Меня стал разбирать смех — до чего же люди ни черта не понимают в происходящем вокруг, с ними самими. Но строго и уверенно судят!
— Ты знал? — приступал ко мне Серега.
— Ну даешь! У тебя мания величия! По наивности тебе кажется, что ты к этому имеешь отношение. Все это, — я показал пальцем себе за спину, туда, где медленно исчезало мерцающее зарево, — имеет отношение только к 86 миллионам баксов. Должен тебе сказать, что это о-очень серьезная сумма, и те, кто растырил ее по оффшорным банкам, не хотят, чтобы веселый босяк Смаглий тут начал болтать глупости на следствии! Просто ему не надо было попадаться тебе в руки. Вот и все…
— Выходит, если бы я его не отловил… — задумчиво сказал Серега.
— Конечно! — заверил я его. — Смаглий нарушил правила игры — он попался. Проиграл — плати…
— В той игре, что я играю, у меня есть роль. Я — сыщик. А получается, что я еще и судья. И отчасти — палач…

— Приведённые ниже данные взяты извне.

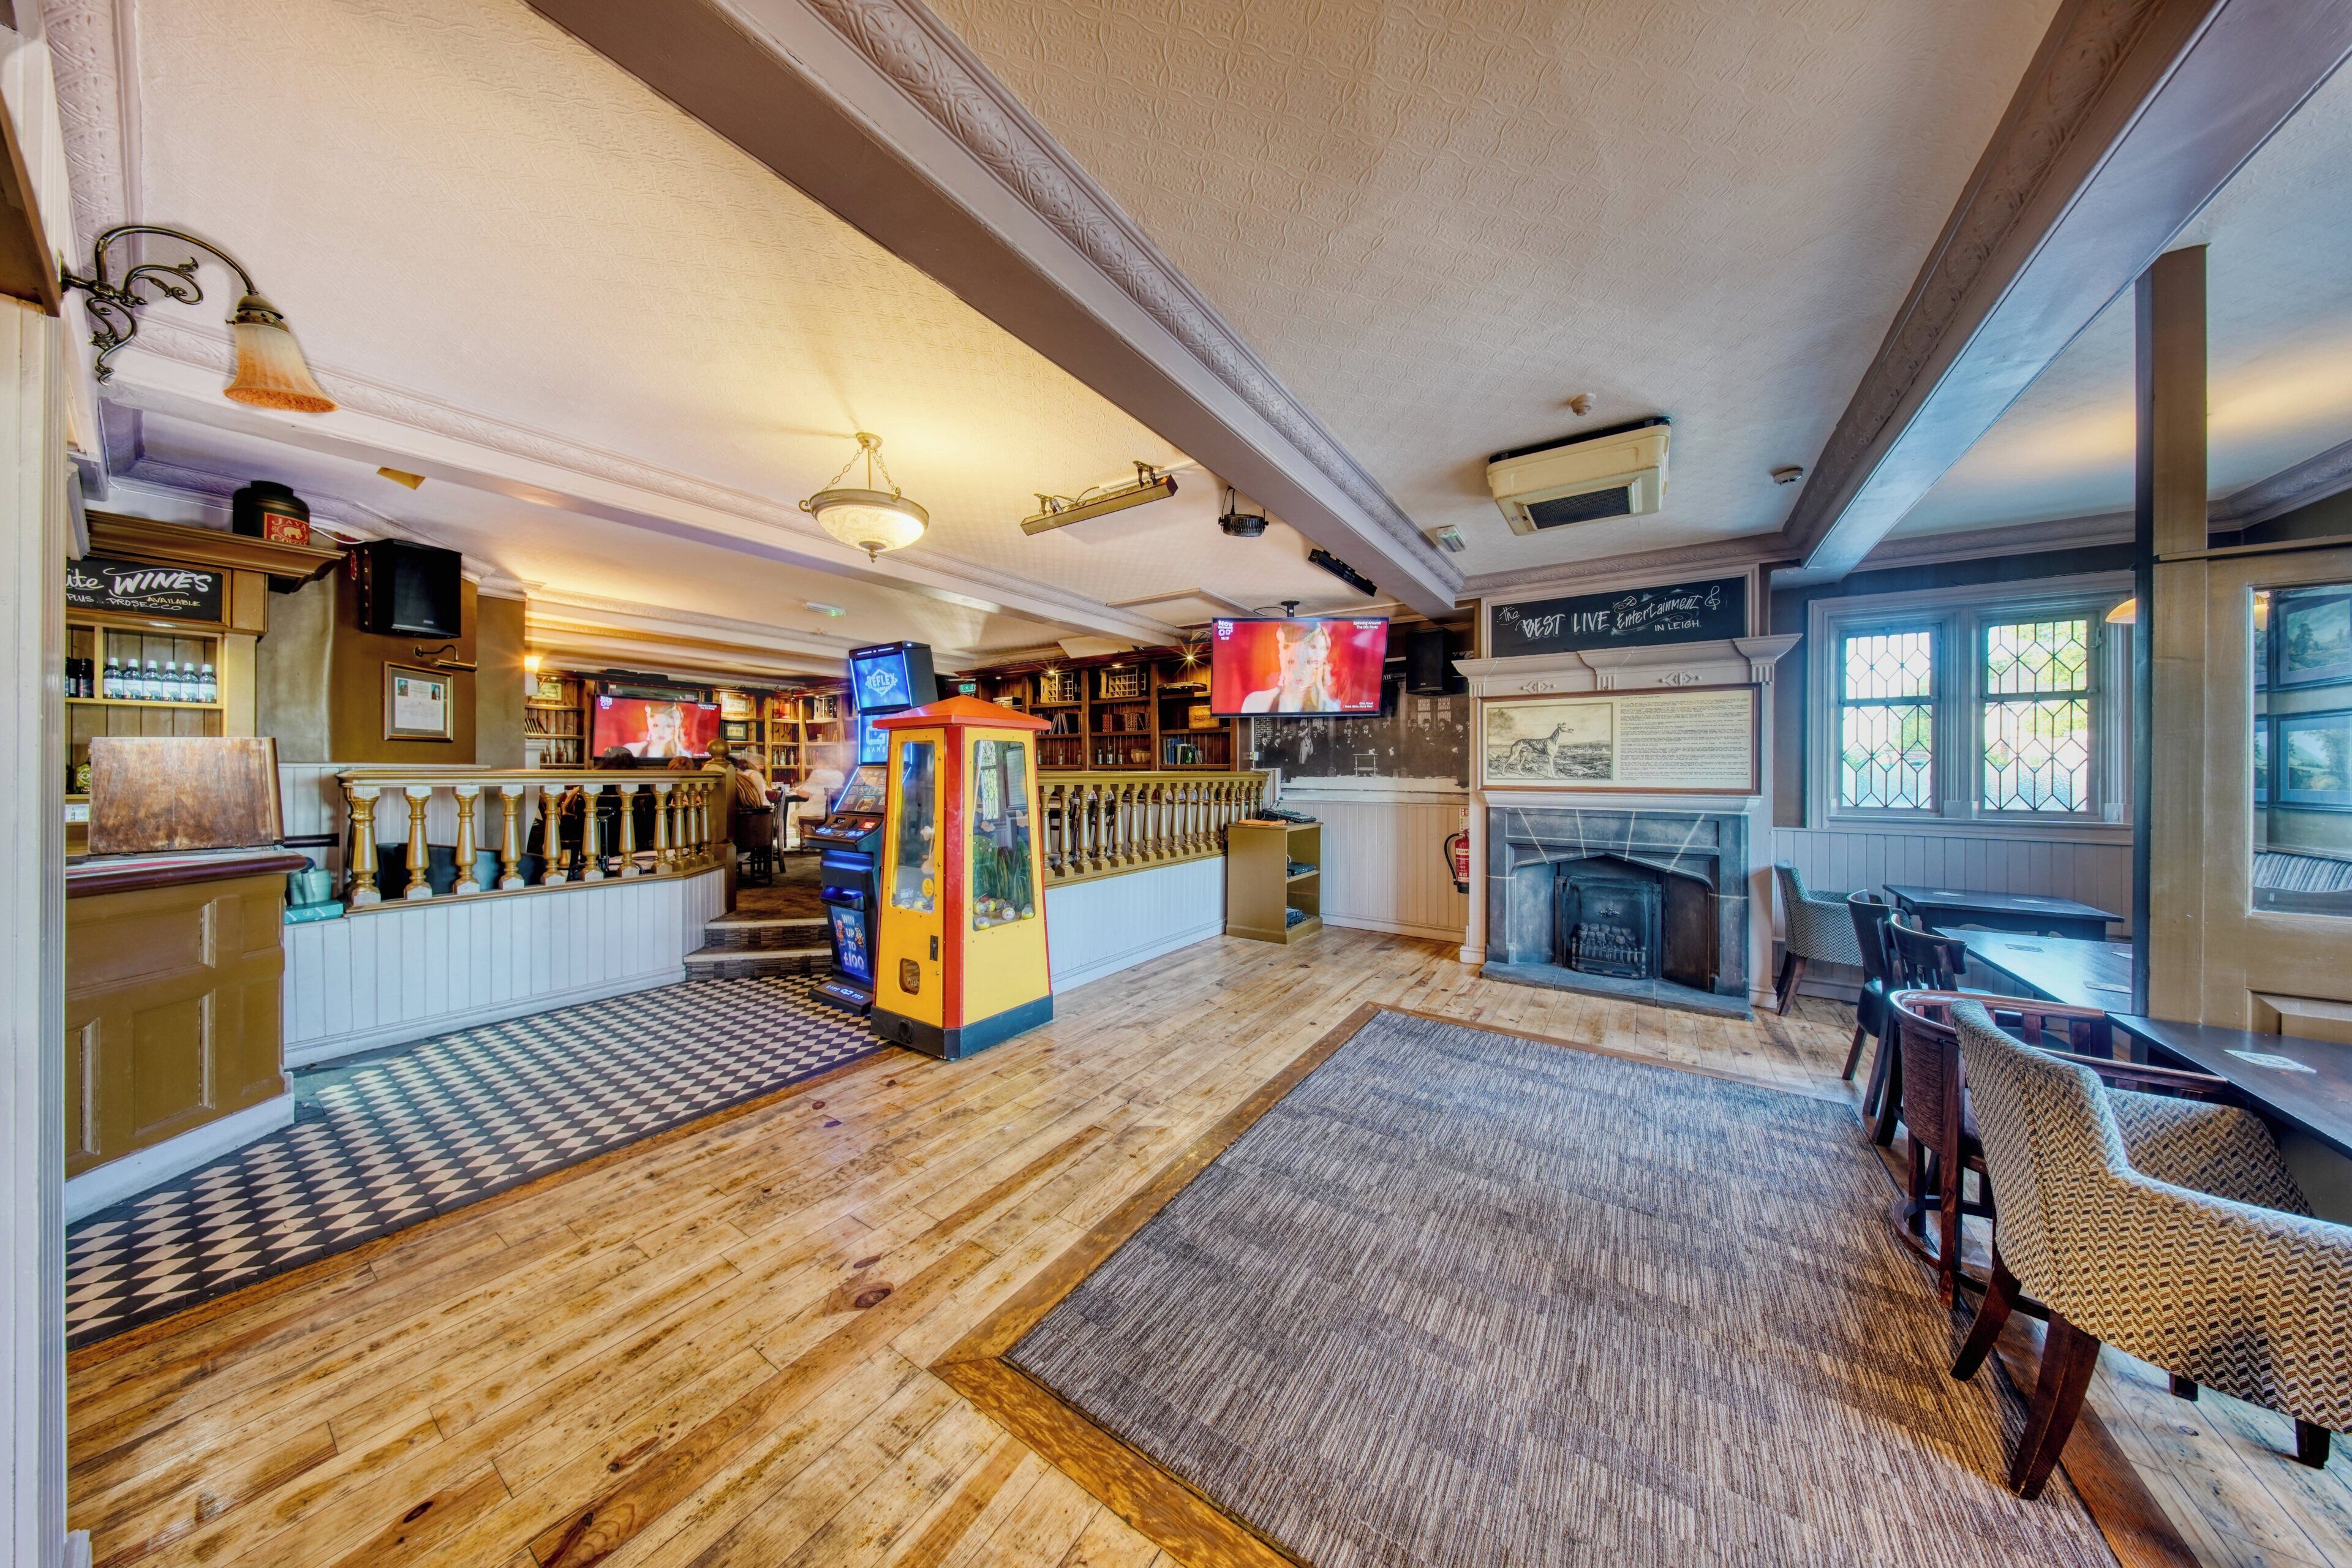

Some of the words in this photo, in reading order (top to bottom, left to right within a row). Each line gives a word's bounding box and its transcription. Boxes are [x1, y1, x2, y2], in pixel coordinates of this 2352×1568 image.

[271, 518, 307, 532] JAVA
[66, 568, 104, 589] ite
[114, 572, 212, 595] WINES
[106, 598, 182, 611] PROSECCO
[146, 596, 201, 606] AVAILABLE
[1499, 606, 1520, 622] the
[1516, 614, 1566, 638] BEST
[1574, 611, 1610, 633] LIVE
[1616, 594, 1703, 630] Entertainment
[865, 673, 896, 690] REFLEX
[842, 914, 855, 925] WIN
[846, 928, 854, 938] UP
[847, 940, 856, 951] TO
[843, 952, 864, 970] £100
[907, 977, 920, 988] Push

— Не морочь голову! Никакой у тебя отдельной игры нет. И быть не может! — твердо остановил я его. — Мы все играем одну громадную, очень интересную игру, и никого не спрашивают о согласии. Играем все! Постарайся ни к чему всерьез не относиться — мы все на сумасшедшем карнавале самозванцев. Это бал воров с непрерывным переодеванием, все в нелепых масках и чужих костюмах. Гримасы, ужимки, комичные кошмары…
— Там был кошмар настоящий. Там убили моих товарищей, — просто сказал Сергей.
Я перебил его:
— Знаю! Сделай выбор: или глубокая скорбь по этому печальному поводу, или безмерная радость, что тебя там не было. Слава Богу, жив. Жив! Радуйся!
— Эта формула не из человеческой жизни, а из мира твоих рвотных цифр…
— Не ври, не ври, не ври! Себе самому не ври. Это и есть человеческая жизнь! Тебе и поскорбеть охота, я ребят очень жалко, и порадоваться за избавление от погибели нужно, а делать это прилюдно неловко…
— А почему неловко? — всерьез спросил Сергей.
— А потому что мир, в котором мы живем, не требует чувств, а требует только знаков, одни рисунки чувств…
— И что он требует от меня сейчас?
— О, мир гримас и ужимок требует знаков сердечной скорби и страшной клятвы гнева и отмщения! Ты клятву дай и плюнь на все это! Тебе пора взрослеть. Лучше позаботься о себе. И обо мне…
— Сань!
— А?
— Ты стал ужасной сволочью.
— Глупости! С годами люди не меняются… Чуток количественно. Ты, я, Кот Бойко — такие же, как мы были в детстве. Просто выросли… Черти.
У бокового входа в гостиницу «Интерконтиненталь» стоит реанимобиль — мерседесовский автобус в раскраске «скорой помощи». Несколько поздних зевак, скучающий милиционер. Из дверей отеля санитары выносят носилки, на которых лежит укрытый до подбородка простыней мертвый охранник Валера.
Николай Иваныч возникает в изголовье носилок, отгораживая их от досужих прохожих. Распахивает заднюю дверцу, носилки вкатывают в кузов, фельдшер говорит громко:
— Инфаркт… Скорее всего — задней стенки…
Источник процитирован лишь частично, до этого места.